The Book Without Words_ A Fable of Medieval Magic - Avi [24]
“I am,” said Sybil.
“You need not be. I’m little more than a presence with neither the strength nor inclination to do you harm. There are more important people to fear than me.”
“Who?”
“Thorston.”
“He’s dead,” said Sybil.
“Dead!”
“We buried him today.”
“Where?”
“In the house,” said Sybil, belatedly thinking she should not have made the admission.
Brother Wilfrid seemed to sway in a breeze. “Did he … did he not make the stones?” he asked.
Though she knew exactly what the monk was asking about, Sybil said, “What stones?”
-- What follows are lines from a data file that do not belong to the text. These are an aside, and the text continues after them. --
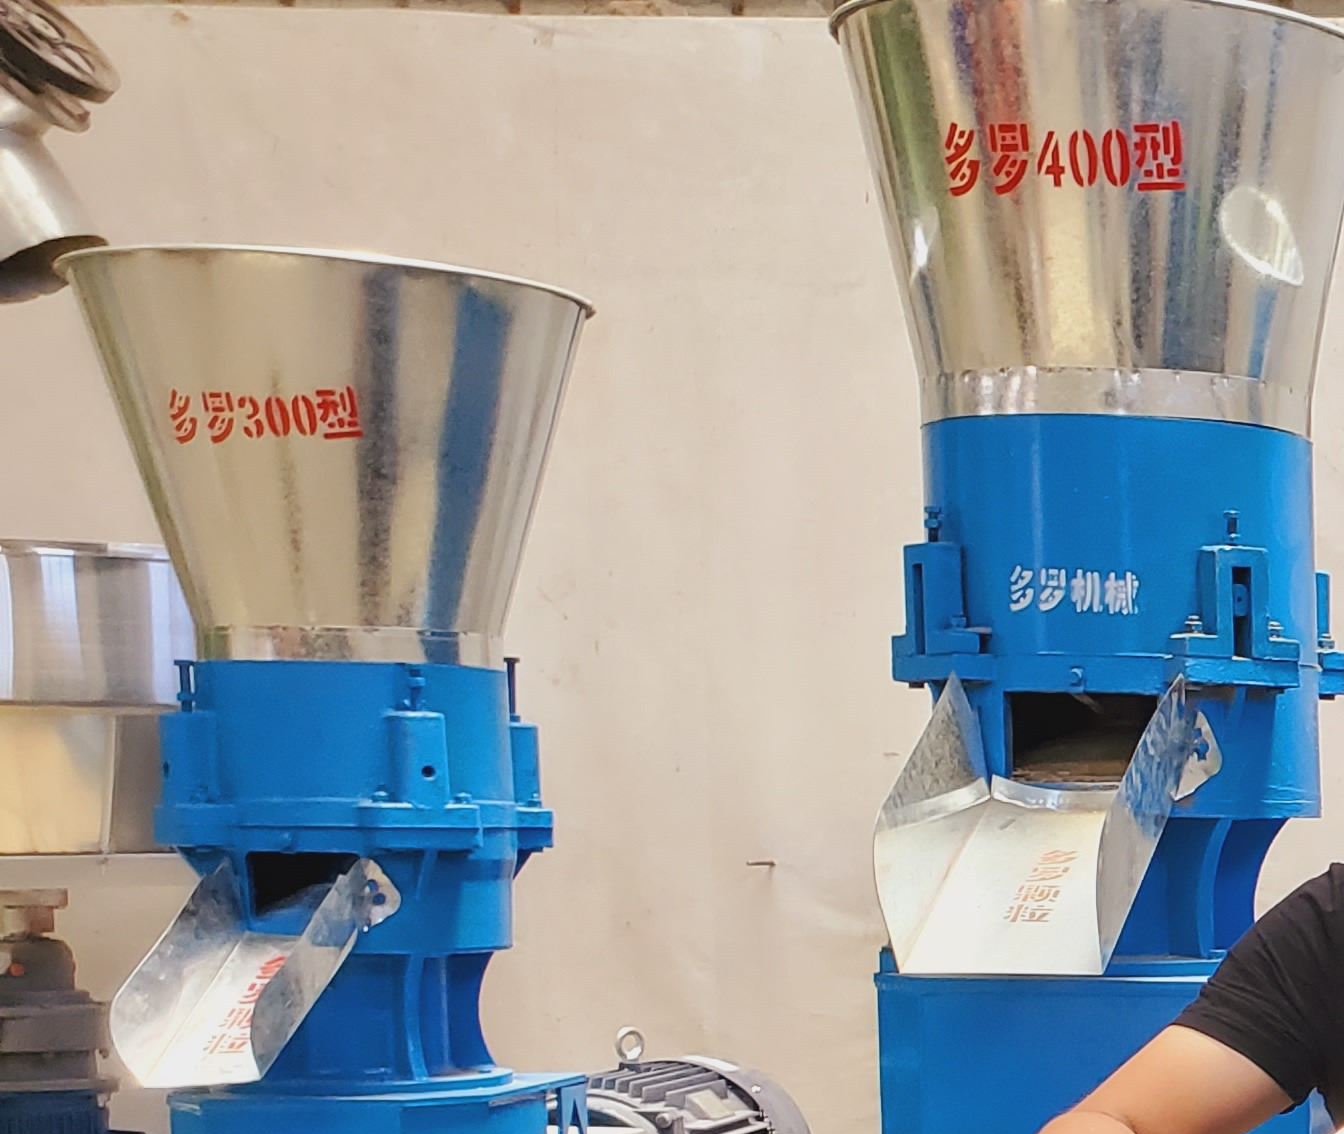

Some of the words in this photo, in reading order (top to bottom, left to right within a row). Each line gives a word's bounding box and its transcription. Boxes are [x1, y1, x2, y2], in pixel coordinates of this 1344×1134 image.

[945, 120, 1186, 197] 多罗400型
[169, 386, 364, 444] 多罗300型
[1009, 565, 1140, 615] 多罗机械
[1003, 849, 1077, 922] 多罗颗粒
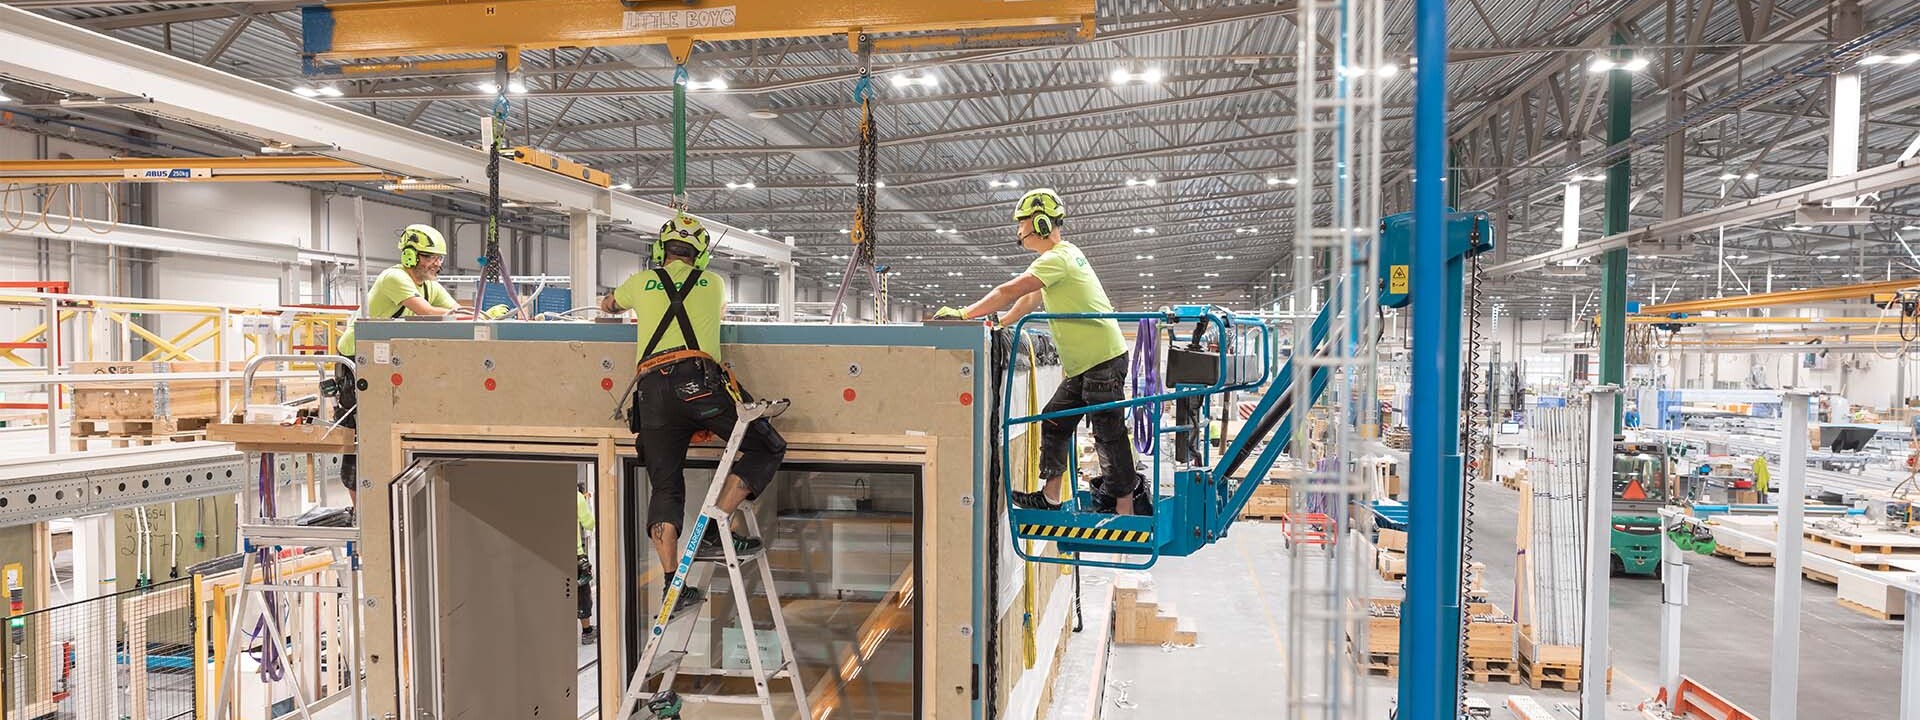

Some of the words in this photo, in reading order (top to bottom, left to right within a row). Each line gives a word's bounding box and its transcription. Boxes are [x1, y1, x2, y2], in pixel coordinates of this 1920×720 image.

[486, 7, 494, 15] H
[625, 11, 680, 31] LITTLE
[686, 10, 721, 28] BOY
[688, 523, 704, 551] ZARGES
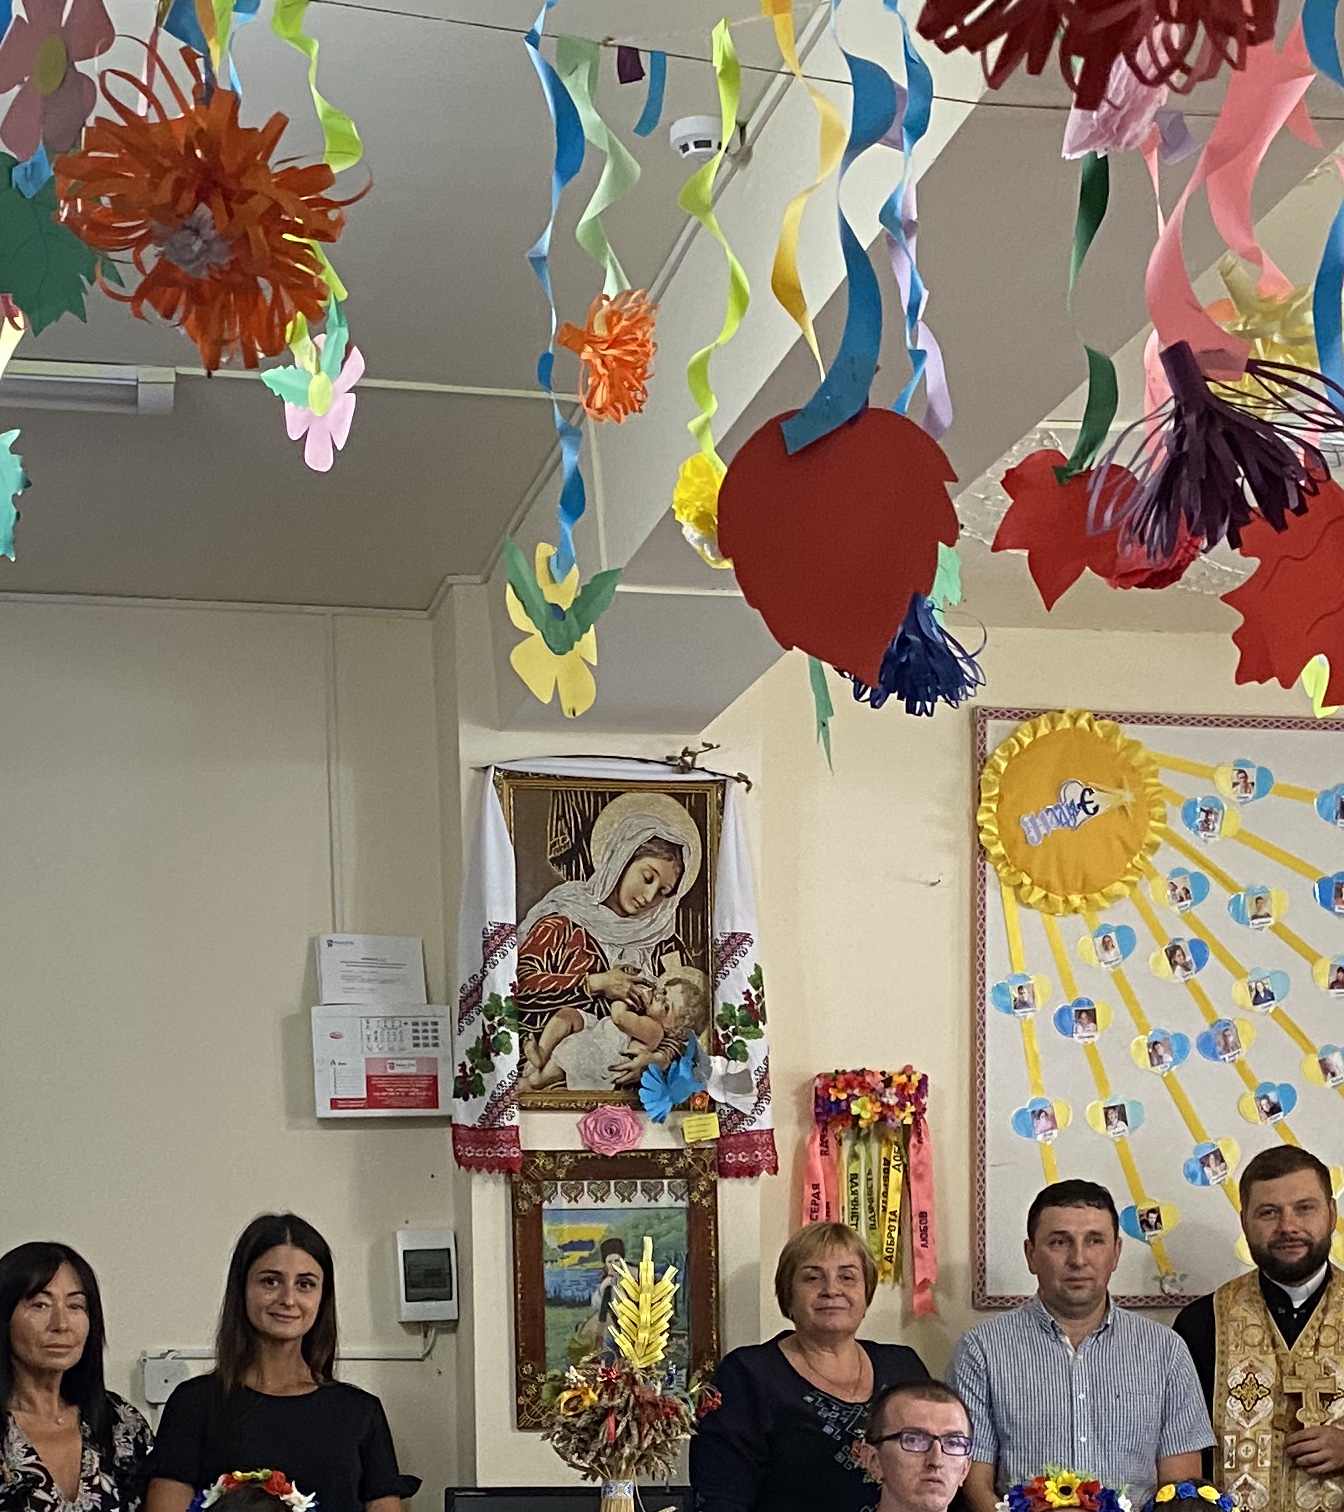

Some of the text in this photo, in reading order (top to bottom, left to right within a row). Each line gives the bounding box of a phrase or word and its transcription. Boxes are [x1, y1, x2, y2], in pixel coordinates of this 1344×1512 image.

[808, 1182, 822, 1222] СЕРДЯ
[883, 1208, 899, 1264] ДОБРОТА
[918, 1210, 930, 1249] ЛЮБОВ
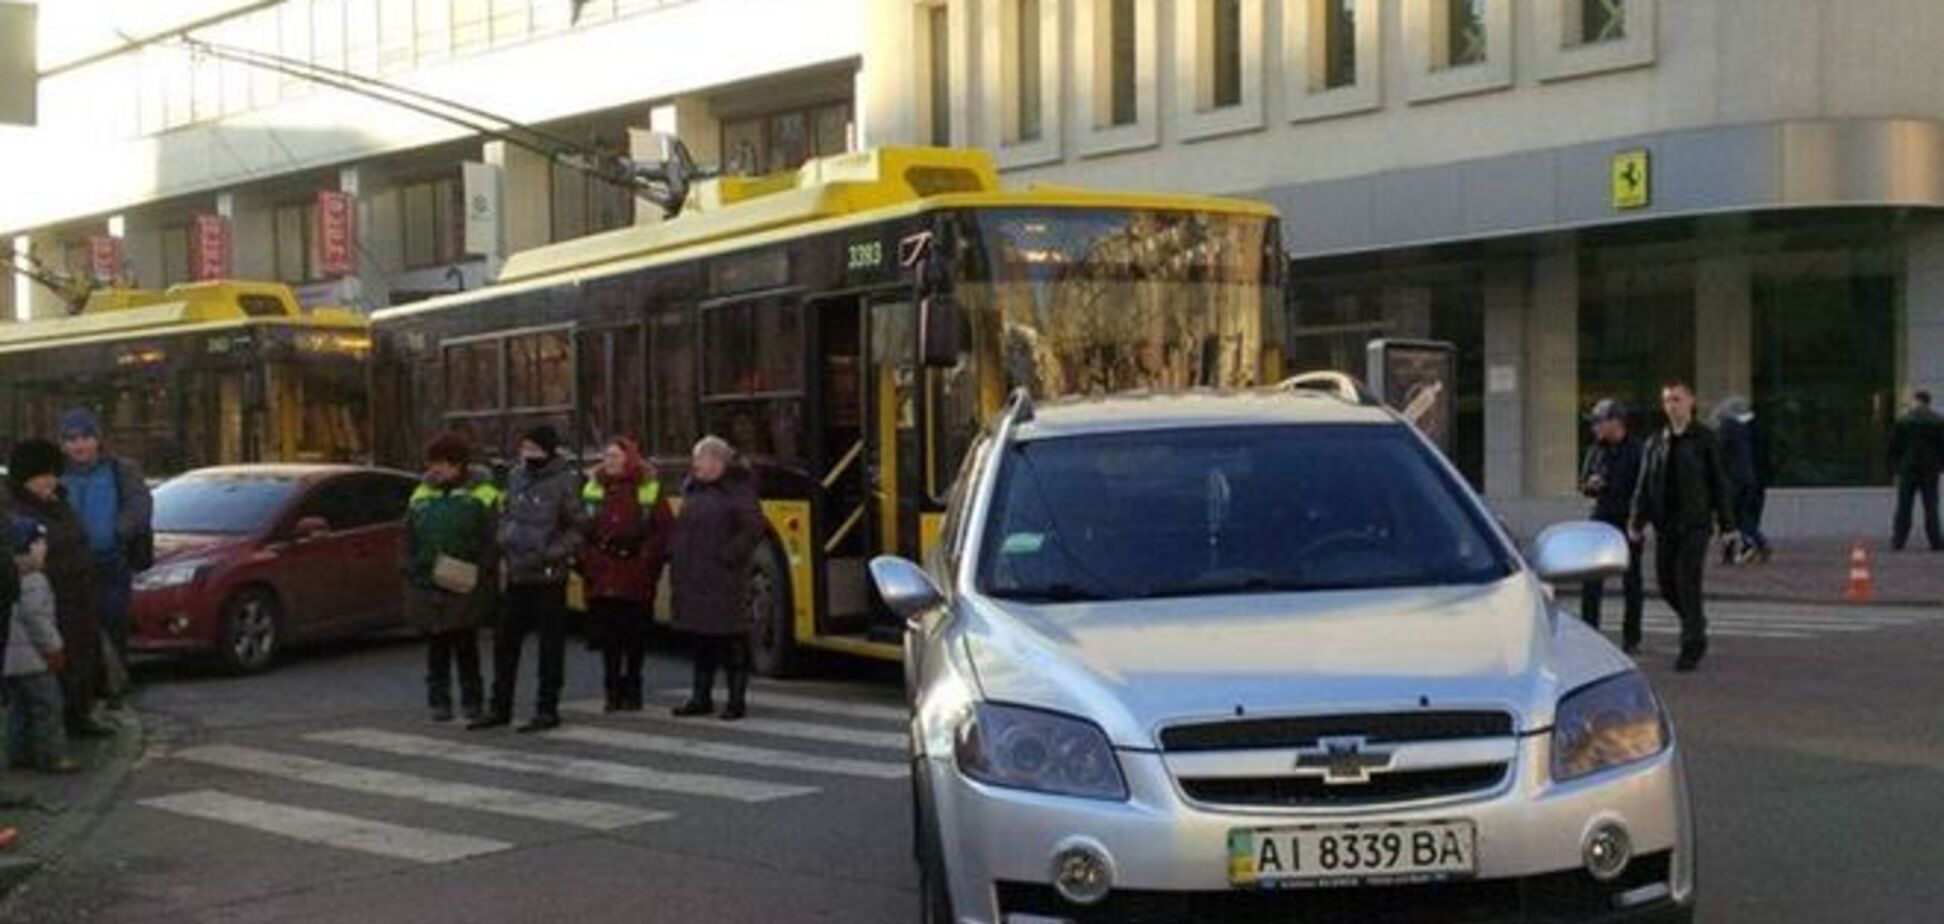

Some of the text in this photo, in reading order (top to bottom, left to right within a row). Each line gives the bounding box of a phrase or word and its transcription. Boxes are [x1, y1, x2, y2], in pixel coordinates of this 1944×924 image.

[1257, 831, 1463, 872] AI 8339 BA
“He was making them when I first came,” said Wilfrid. “They must be in the house. You need to find them. You are in great danger.”
“Why?”
“Do you know nothing about them?”
Sybil shook her head.
Brother Wilfrid was silent for a long moment. “Then you must hear me,” he finally said.
15
“It was in 973,” began the monk, “seventy-three years ago, that a boy was born. Extraordinary omens occurred: stars fell out of the heavens. On Saint Waccar’s day, the sun grew dark at noon. Sheets of fire hung in the night sky. Between cockcrow and dawn, frightful flashes of lightning were observed. There were those who swore they had seen dragons flying through the air. These dreadful omens were followed by a great famine that stirred the flames of civil conflict. All over Northumbria, thieves and brigands roamed. In the strife that followed, the boy’s parents were killed.
“Relations took the child in, but the ravages of famine overwhelmed all, and he lost them, too. Alone, he lived in fear. And when it appeared as if life could not be worse, news spread that Viking raiders had returned to Northumbria. They looted churches and slaughtered many, while taking some into slavery and holding others for ransom.
“Devastation ruled the land.
“So it was that by the time the boy reached thirteen years of age, beyond all else, he feared death.
“The boy heard that the safest place on earth was Saint Elfleda’s monastery, which was on a small island off the northeastern coast of Northumbria. There he accepted the only work he could get, that of a goatherd.”
“Who was that boy?” asked Sybil.
“Your master, Thorston.”
16
“One afternoon,” the monk went on, “long boats with high dragon bows and long oars appeared. The boats carried some two hundred bearded, long-haired men with iron helmets, and chain mail on their chests. Shields on the boats sides proclaimed them to be Viking raiders.
“After dragging the boats high onto the beaches, the men took up axes, swords, and shields. With fierce shouts and cries, they raced inland. When the monks of Saint Elfleda’s saw them, they dropped their tools and fled, only to be overtaken and killed. Screams of terror and cries for mercy filled the air. Looting began. From a place of concealment Thorston saw it all.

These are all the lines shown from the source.